元寇防塁(生の松原地区)

紹介文
文永11年(l274)蒙古の襲来を受けた鎌倉幕府は、建治2年(1276)に博多湾の海岸線に石築地(いしついじ)を築いて再度の来襲に備えることにした。これを元寇防塁(げんこうぼうるい)と呼ぶ。長垂海岸から小戸海岸にかけての約2.5kmの間、白砂と松原の境を元寇防塁が縫うように走る。ここを生の松原地区元寇防塁と呼ぶ。昭和43年発掘調査が行われ、海への傾斜面に幅1~1.5m、残高1.8mに石を積み上げ、その後ろを粘土で補強していることが判明した。
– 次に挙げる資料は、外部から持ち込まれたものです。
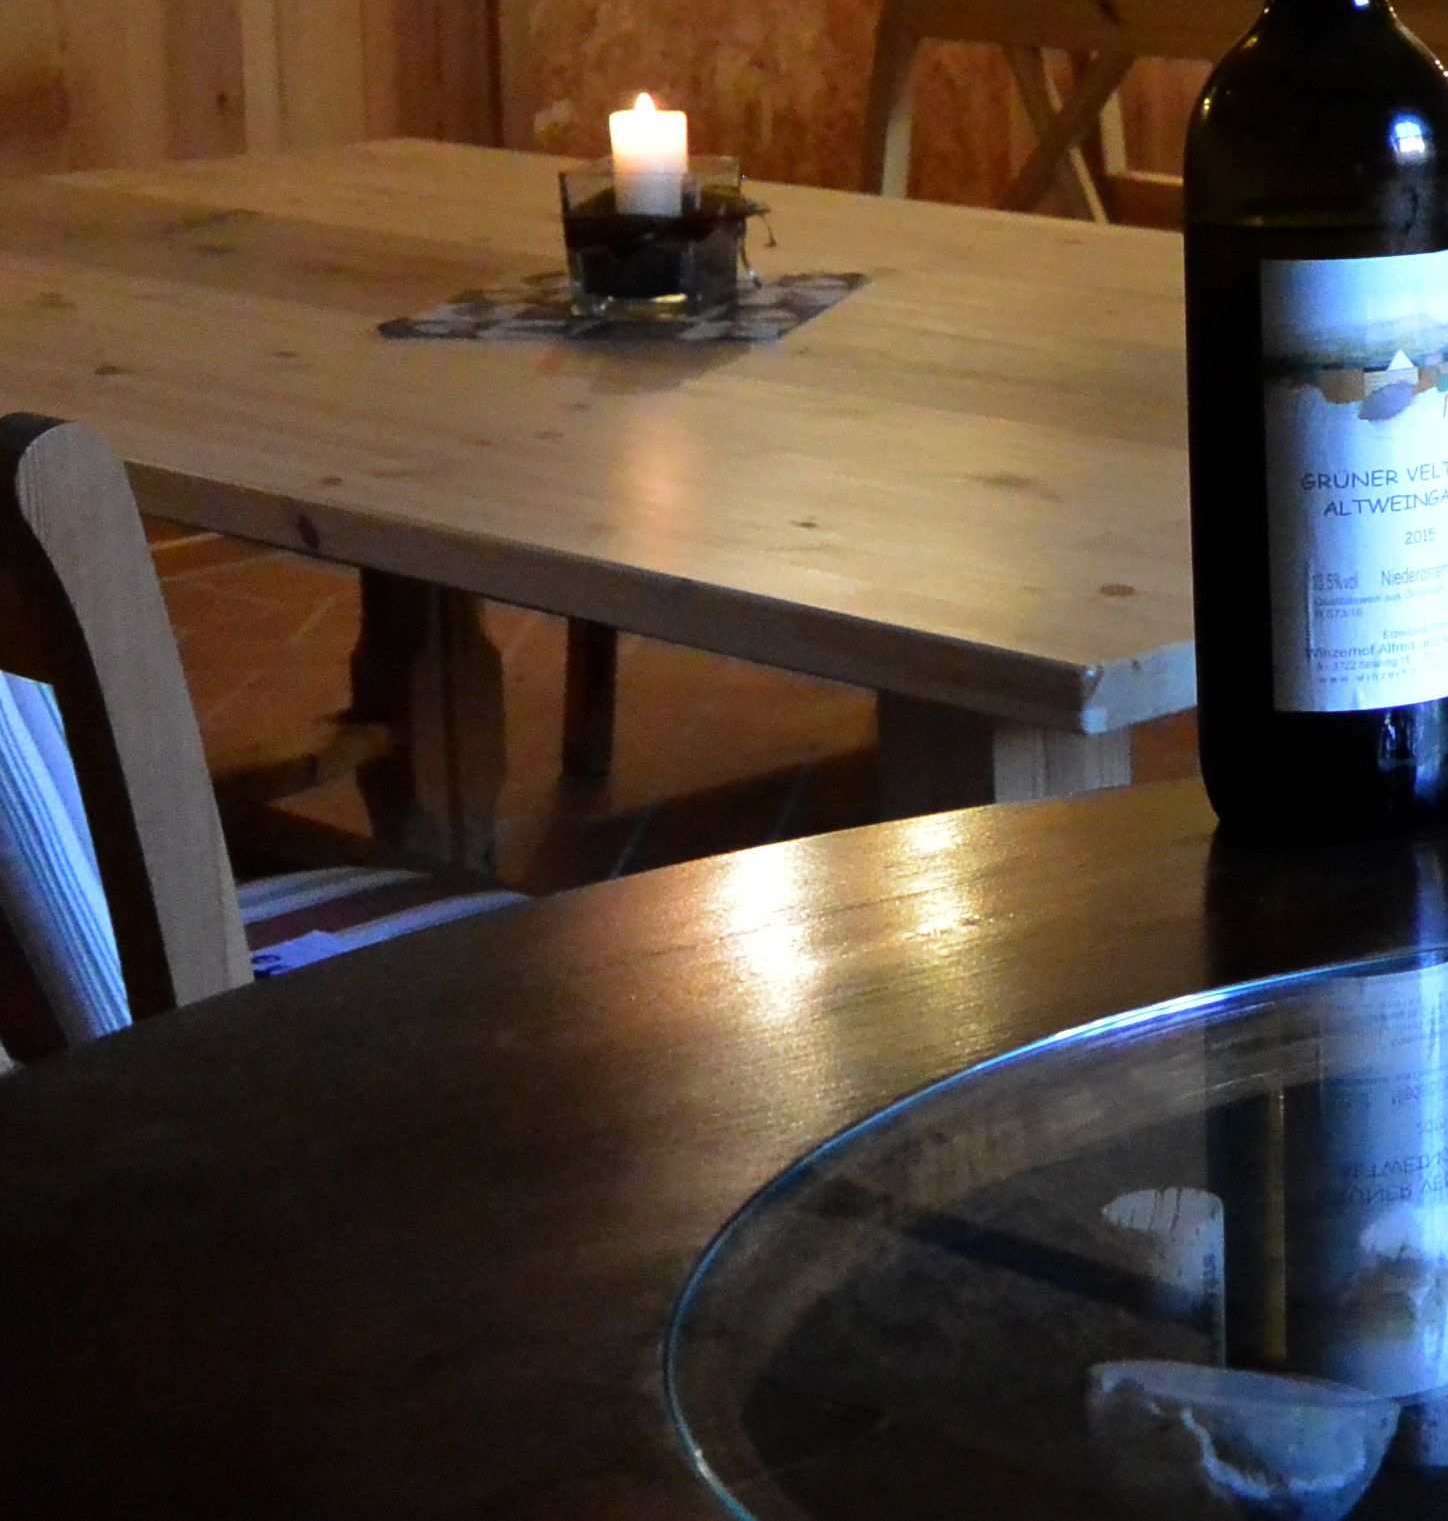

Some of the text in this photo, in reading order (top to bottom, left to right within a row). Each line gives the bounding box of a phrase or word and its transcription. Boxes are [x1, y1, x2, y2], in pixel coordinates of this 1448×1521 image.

[1301, 469, 1399, 491] GRÜNER
[1404, 527, 1437, 545] 2015
[1379, 640, 1415, 655] Alfred
また積み上げられた石の種類が、西側は長垂海岸に見られるペグマタイト(花崗岩)、東側は小戸岬一帯の砂岩ときれいに分かれていた。史料によればこの付近の防塁構築は、姪浜が肥前国、生の松原が肥後国とあり、この石材の違いは両国の分担地区を示す可能性がある。
『蒙古襲来絵詞』に、肥後の御家人竹崎季長が防塁の前を馬上で進む場面は、この生の松原の情景である。さらに防塁の前面に玄武岩で作られた一列の石積みがあり、修理のあとと考えられている。
防塁の一部は築造時の高さに復元され、見学できるようになっている。